するとイグレットは、白鷺を意味するらしい。
そして僕は、白鷺と聞いてすぐにある城が思い浮かんだ。
別名白鷺城と呼ばれる、姫路城である。
姫路城はその美しさから、白鷺城とも呼ばれている。
M博士は美しい物が好きなようなので、ブックベアーに合わせて名前をイグレットにしたのかなと思った。
更に言えば熊本城と姫路城は、重要文化財が多数ある。
そういう点でも、合わせたかったのかもしれない。
ただし、ここで一つ微妙な点が浮かび上がってしまった。
藤堂高虎が操る、ハイタイガーである。
これはこれで分かるんだよ。
高虎が乗ってるんだから、ハイタイガー。
自分の機体に名前を付けるという、ちょっとナルシスト的な面も垣間見えるけど、分かりやすさという面では分からなくはない。
でも藤堂は、名前に関して加藤と話し合わなかったのかな?
熊本城と名古屋城という、日本でも屈指の有名な城を模した名前を使っているなら、藤堂も合わせれば良かったんじゃないか?
なんて思ったんだけど、これはこれで酷だったのかもしれない。
そもそも加藤も藤堂も、城造りの名人として知られている。
だけど藤堂は今治城や宇和島城といった城は築城したが、加藤の熊本城ほど有名ではない。

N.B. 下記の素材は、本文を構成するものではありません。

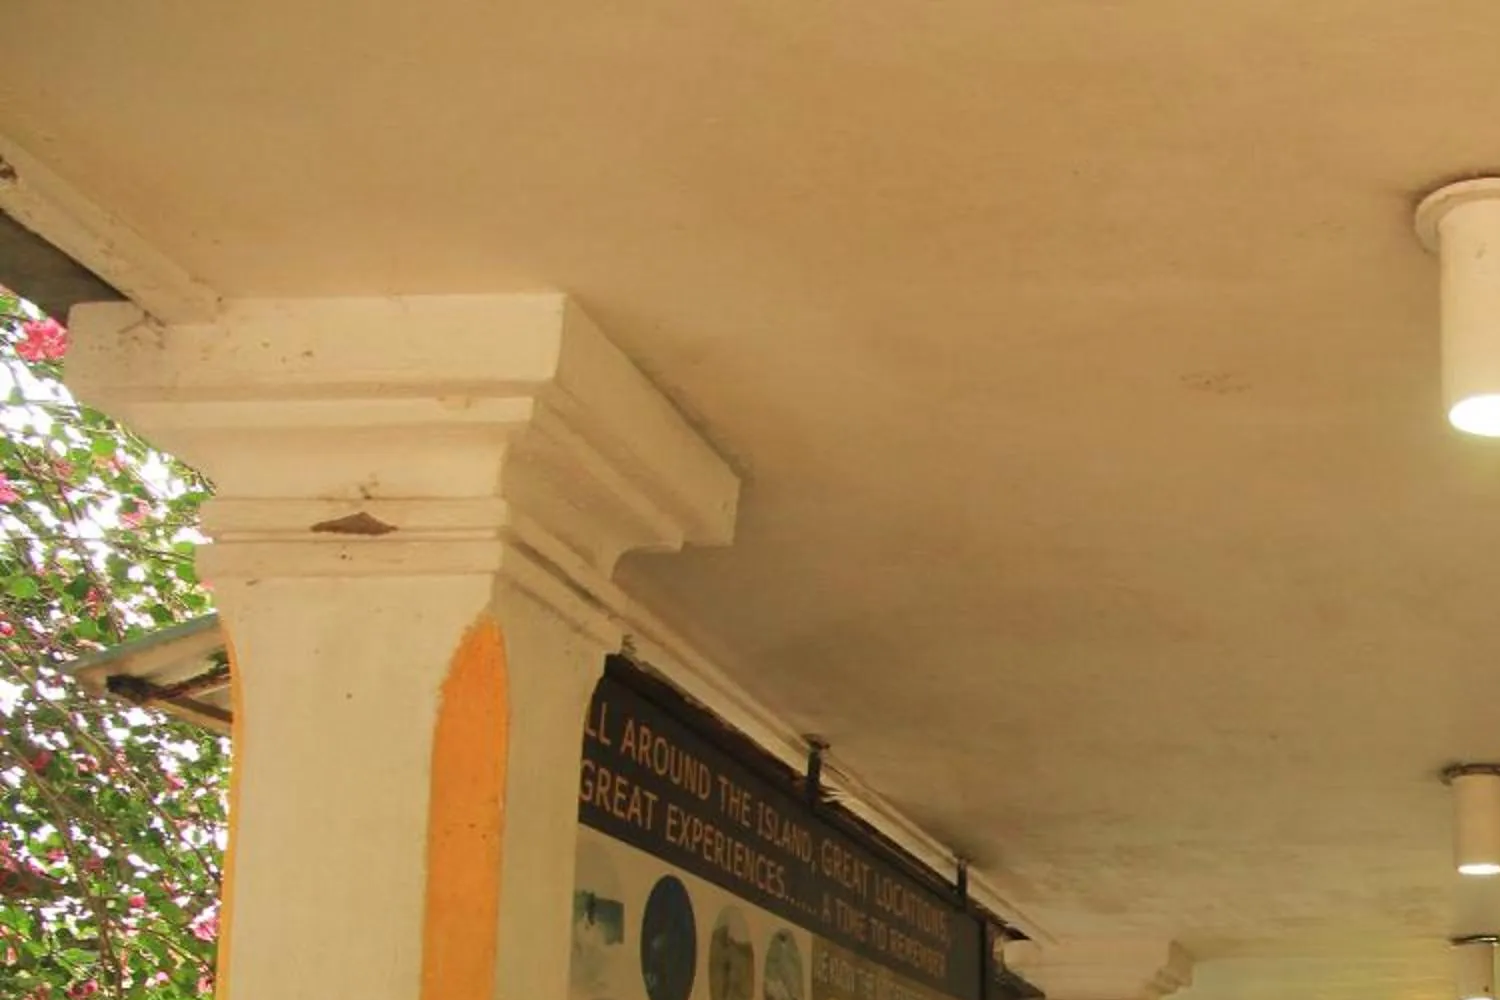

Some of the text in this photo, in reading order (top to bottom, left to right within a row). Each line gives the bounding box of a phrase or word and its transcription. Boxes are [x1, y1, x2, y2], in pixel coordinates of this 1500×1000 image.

[580, 759, 659, 830] GREAT
[621, 719, 711, 800] AROUND
[718, 775, 751, 828] THE
[757, 801, 816, 877] ISLAND,
[822, 839, 872, 900] GREAT

でも日光東照宮や大坂城等にも関わりがあり、藤堂が凄いのは分かる。
ただしそれって、多少知識のある人達だけにしか評価されないんだよね。
藤堂高虎って凄いんだよって言っても、加藤清正とどっちの方が知名度があるかと言われたら、やっぱり後者かなと思ってしまう。
知名度で言ったら加藤清正。
でもどっちが勝ち組かと聞かれたら、急死した加藤清正よりも長生きしてた藤堂高虎って答えるかもね。
ただの飾りです。
性能が十全に発揮されるのであれば、飾りでも良いと思う。
でも加藤の言い分だと、この機体には飛行性能は無さそうだ。
M博士が取り付けた翼により、飛行機能も追加されていれば、長秀と阿吽は窮地に追い込まれたと思われる。
だが三人のやりとりが外まで聞こえており、その声色から嘘ではないと長秀達は判断した。

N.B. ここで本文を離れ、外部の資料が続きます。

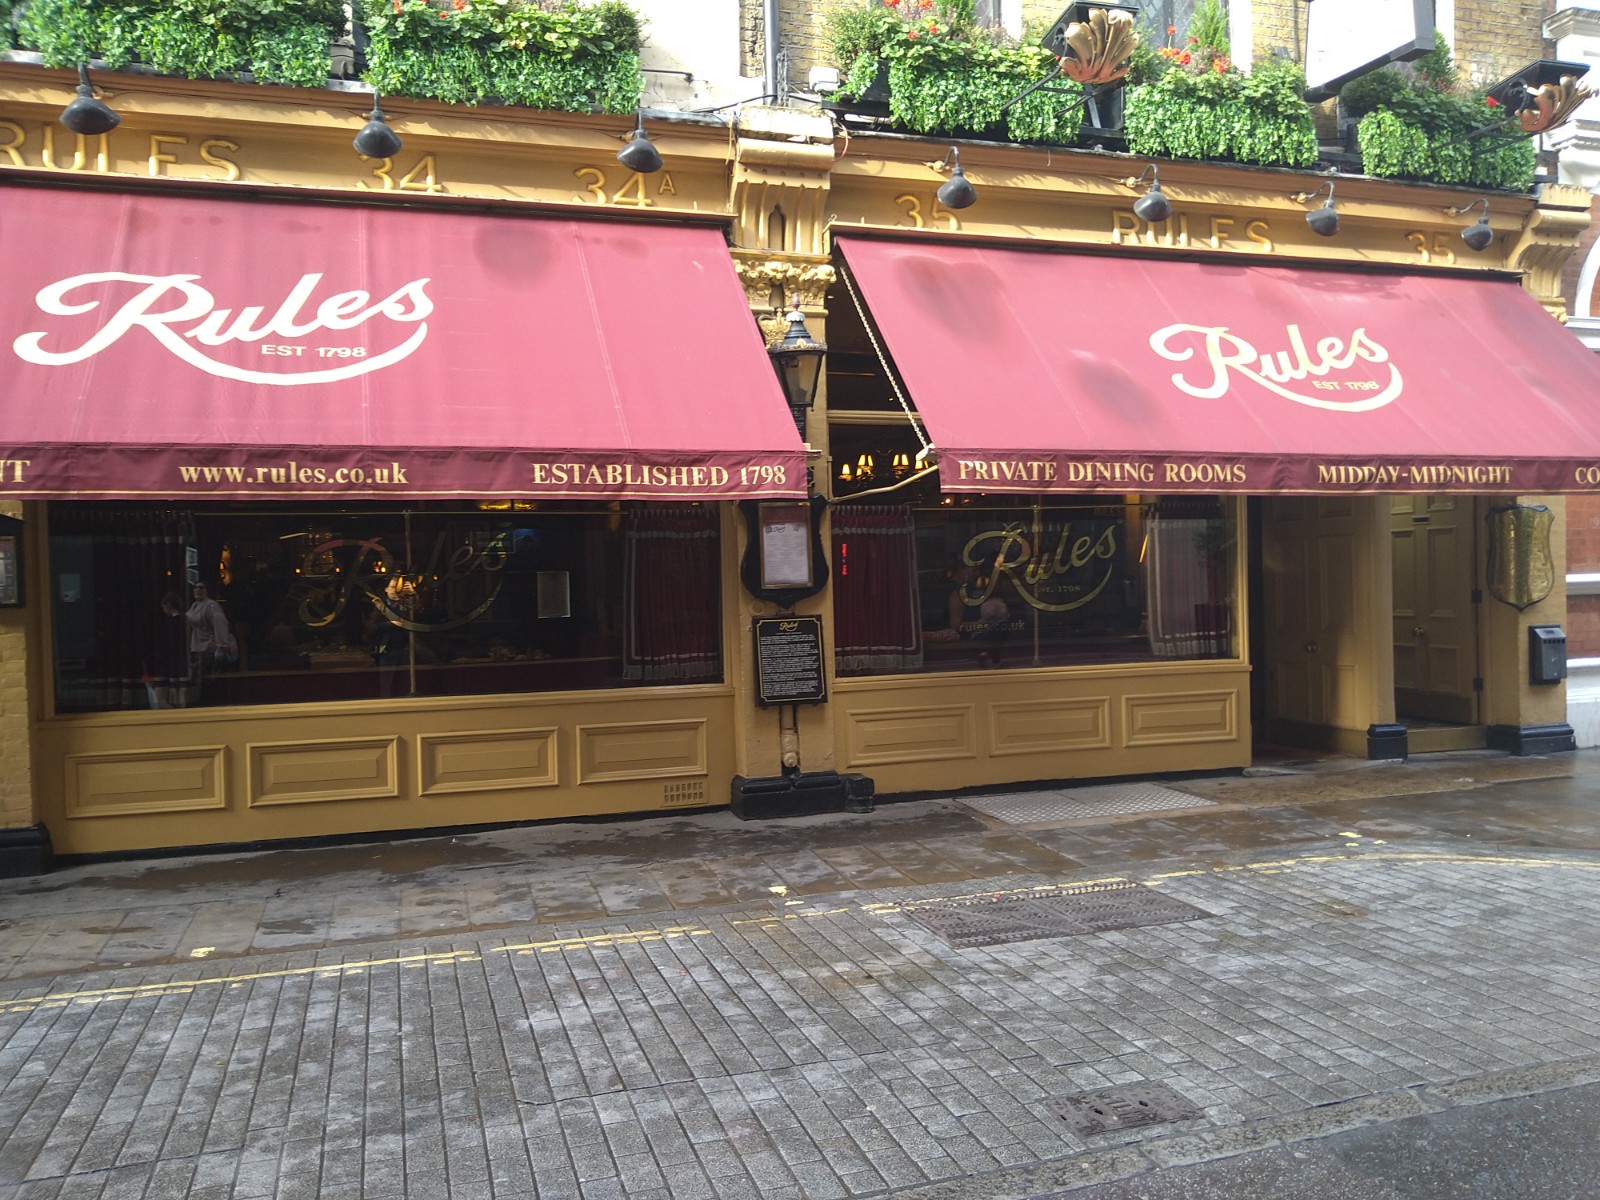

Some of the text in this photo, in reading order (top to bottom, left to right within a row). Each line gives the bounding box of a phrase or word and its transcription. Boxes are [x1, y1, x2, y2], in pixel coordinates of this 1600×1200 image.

[355, 155, 443, 193] 34
[894, 194, 960, 231] 35
[1405, 231, 1456, 264] 35
[13, 271, 434, 386] Rules
[261, 344, 367, 358] EST 1798
[1149, 323, 1403, 412] Rules
[1312, 380, 1379, 391] EST 1798
[178, 461, 409, 484] www.rules.co.uk
[532, 463, 786, 486] ESTABLISHED 1798
[958, 460, 1246, 483] PRIVATE DINING ROOMS
[1318, 465, 1513, 484] MIDDAY-MIDNIGHT
[958, 521, 1117, 612] Rules
[959, 619, 1025, 632] rules.co.uk

「少し大きくなった程度で、そこまで脅威ではないのでは?」
「甘く考えるな。油断は禁物と心せよ」
「その通りなのだよ。では、小生の力の一端をお見せしよう」
博士がそう言うと、肩にあるビーム砲が斜め下に向いた。
長秀と阿吽はその場から飛び退くと、立っていた足下にビームが突き刺さった。
「あの砲台、壊れてなかったんですね」
「バカにしてるのか!」
阿吽の言葉に藤堂が怒りを露わにすると、博士が彼の代弁を始める。
「彼は撃たなかっただけ。ハイタイガーを操りながら狙うのは、至難の業。動かないマト以外には当てられないのだよ」
「そうか、俺達は三人で一つの機体に乗っている。役割分担が出来るから、こんなにも戦いやすいのか!」
「今更そんな事に気付くとは。馬鹿と天才紙一重といった感じなのだよ」
「博士、味方をバカにするのはやめてくれ。藤堂は良い奴だからな」
凹む藤堂を慰める加藤。
しかしマイペースな博士は、彼の言葉を聞かずにビーム砲を動かして長秀達を執拗に狙っていた。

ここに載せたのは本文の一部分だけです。